A Result of multiple factor analysis (MFA), the clustering of Goniurosaurus bawanglingensis, G. zhoui, G. cf. lichtenfelderi and G. hainanensis along dimensions 1 and 2 from the MFA. B The percent contribution of meristic and size-corrected morphometric characters of the first five dimensions of the MFA.

Figure 5. 

Violin plots with embedded boxplots illustrating the distribution of 12 morphometric characters across Goniurosaurus bawanglingensis, G. zhoui, G. cf. lichtenfelderi and G. hainanensis. Each plot shows the relative variation within and between groups.

Figure 6. 

Boxplots with overlaid scatter plots illustrating the distribution of 15 meristic characters across Goniurosaurus bawanglingensis, G. zhoui, G. cf. lichtenfelderi and G. hainanensis. Each plot shows individual data points along with group medians and interquartile ranges.

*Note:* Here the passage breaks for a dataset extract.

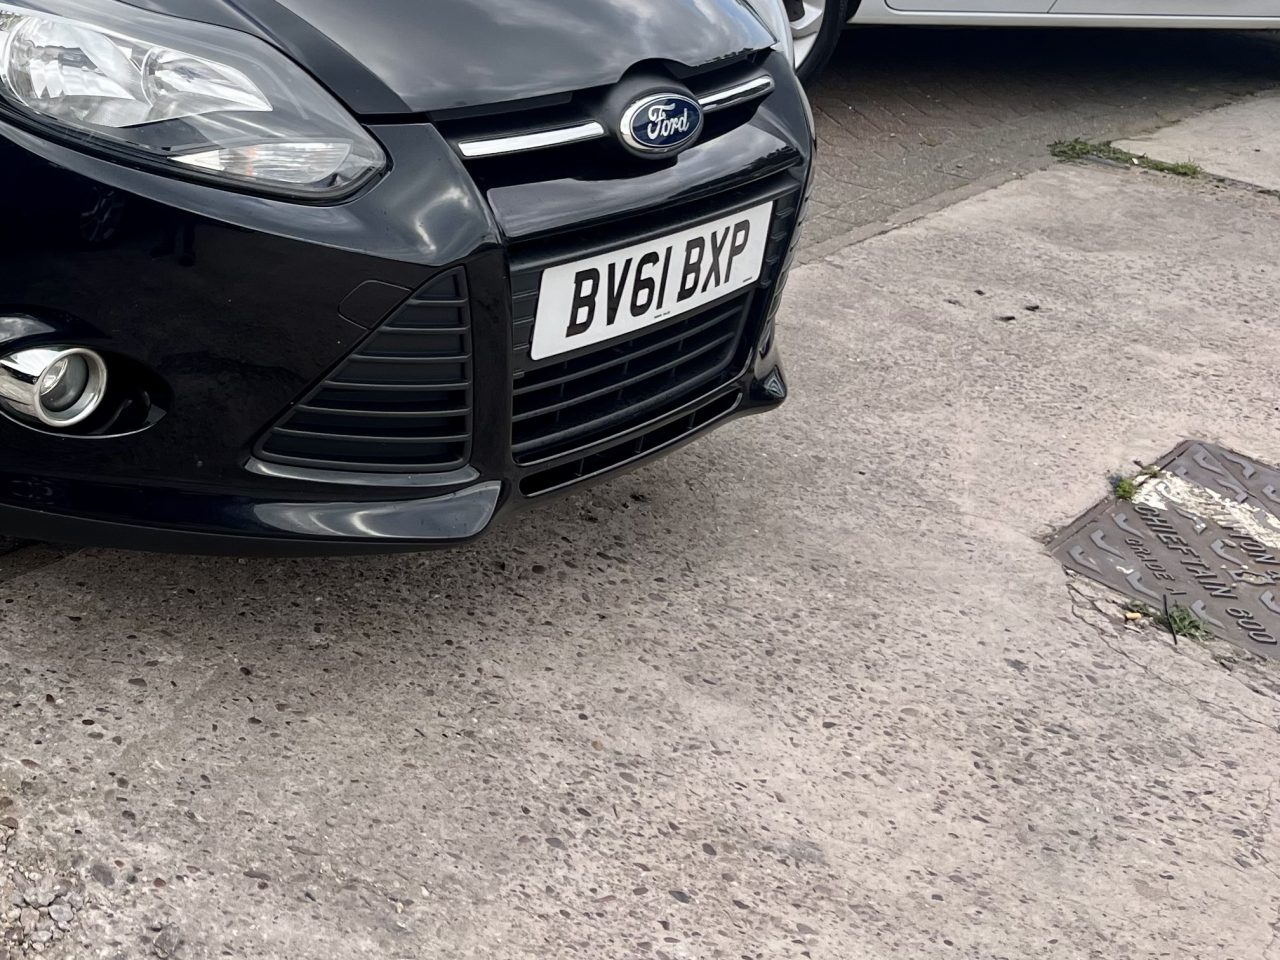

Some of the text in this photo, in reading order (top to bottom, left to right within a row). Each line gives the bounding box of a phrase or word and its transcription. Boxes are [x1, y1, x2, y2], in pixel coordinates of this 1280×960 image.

[646, 103, 690, 140] Ford
[565, 219, 751, 338] BV61 BXP
[1133, 505, 1278, 645] CHIEFTAIN 600

The results presented here provide a robust genetic framework for understanding species boundaries within the G. lichtenfelderi group. Both sequence- and SNP-based trees robustly support the distinctiveness of G. bawanglingensis and G. zhoui as independent evolutionary lineages. However, G. hainanensis is consistently recovered as polyphyletic, comprising two deeply divergent clades on Hainan Island. The western clade, which includes samples from the type locality Wuzhishan, clusters closely with G. sinensis in both sequence- and SNP-based phylogenies, with minimal genetic distance and recent divergence time estimates. Given this strong genetic continuity and the historical context of the type locality, we propose to treat G. sinensis as a junior synonym of G. hainanensis.

In contrast, the eastern clade of G. hainanensis forms a distinct lineage that is genetically closer to continental populations of G. lichtenfelderi than to its western counterpart. Moderate levels of genetic divergence exist between the eastern clade and G. lichtenfelderi, comparable to those observed between other recognized species within the genus (e.g., G. chengzheng vs. G. gezhi; G. luii vs. G. huuliensis). However, due to the lack of comprehensive morphological data for continental G. lichtenfelderi collected by the same observer and the absence of high-coverage genomic evidence to further evaluate the depth and consistency of divergence, we restrict the distribution of G. lichtenfelderi sensu stricto to the Asian mainland and tentatively treat the Hainan Island lineage as G. cf. lichtenfelderi. Future studies incorporating extensive morphological datasets and genome-wide data will be essential to determine whether this lineage warrants formal taxonomic recognition.